MATERIALS PROVIDED:

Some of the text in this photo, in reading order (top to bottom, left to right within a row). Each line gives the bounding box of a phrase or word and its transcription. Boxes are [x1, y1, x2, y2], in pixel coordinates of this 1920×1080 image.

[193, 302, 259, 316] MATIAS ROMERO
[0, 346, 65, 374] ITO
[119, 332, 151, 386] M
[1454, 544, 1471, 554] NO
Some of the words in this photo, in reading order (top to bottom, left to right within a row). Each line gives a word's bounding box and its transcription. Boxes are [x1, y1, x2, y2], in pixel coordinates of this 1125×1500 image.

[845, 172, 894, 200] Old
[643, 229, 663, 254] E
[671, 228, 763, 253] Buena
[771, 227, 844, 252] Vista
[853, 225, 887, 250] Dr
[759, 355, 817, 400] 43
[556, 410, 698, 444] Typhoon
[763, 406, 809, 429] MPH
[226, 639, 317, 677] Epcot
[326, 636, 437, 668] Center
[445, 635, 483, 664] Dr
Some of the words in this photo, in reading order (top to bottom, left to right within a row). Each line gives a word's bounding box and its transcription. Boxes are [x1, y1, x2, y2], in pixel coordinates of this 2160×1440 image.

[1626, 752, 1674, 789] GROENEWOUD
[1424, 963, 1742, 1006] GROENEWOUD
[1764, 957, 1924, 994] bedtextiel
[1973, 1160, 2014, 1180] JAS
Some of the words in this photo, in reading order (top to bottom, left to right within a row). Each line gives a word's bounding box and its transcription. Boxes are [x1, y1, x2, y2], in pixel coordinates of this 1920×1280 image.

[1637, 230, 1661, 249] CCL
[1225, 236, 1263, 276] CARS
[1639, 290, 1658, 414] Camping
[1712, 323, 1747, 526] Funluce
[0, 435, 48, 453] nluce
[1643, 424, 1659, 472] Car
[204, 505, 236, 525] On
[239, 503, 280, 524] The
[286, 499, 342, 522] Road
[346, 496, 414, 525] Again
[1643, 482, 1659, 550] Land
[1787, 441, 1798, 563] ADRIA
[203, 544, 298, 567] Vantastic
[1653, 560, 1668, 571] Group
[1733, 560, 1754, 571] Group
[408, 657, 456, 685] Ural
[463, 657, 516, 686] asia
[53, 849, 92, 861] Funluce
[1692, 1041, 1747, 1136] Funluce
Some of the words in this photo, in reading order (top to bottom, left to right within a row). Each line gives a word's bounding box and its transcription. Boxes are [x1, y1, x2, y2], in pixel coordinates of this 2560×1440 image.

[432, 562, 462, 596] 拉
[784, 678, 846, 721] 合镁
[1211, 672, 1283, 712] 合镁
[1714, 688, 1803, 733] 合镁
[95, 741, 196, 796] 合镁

INSTRUCTIONS FOR THE TASK: An exact copy of every line from the one containing "this 2560×1440 image." through the last line of the entries is required; please add nothing.

SOLVED PROBLEM:
Some of the words in this photo, in reading order (top to bottom, left to right within a row). Each line gives a word's bounding box and its transcription. Boxes are [x1, y1, x2, y2], in pixel coordinates of this 2560×1440 image.

[432, 562, 462, 596] 拉
[784, 678, 846, 721] 合镁
[1211, 672, 1283, 712] 合镁
[1714, 688, 1803, 733] 合镁
[95, 741, 196, 796] 合镁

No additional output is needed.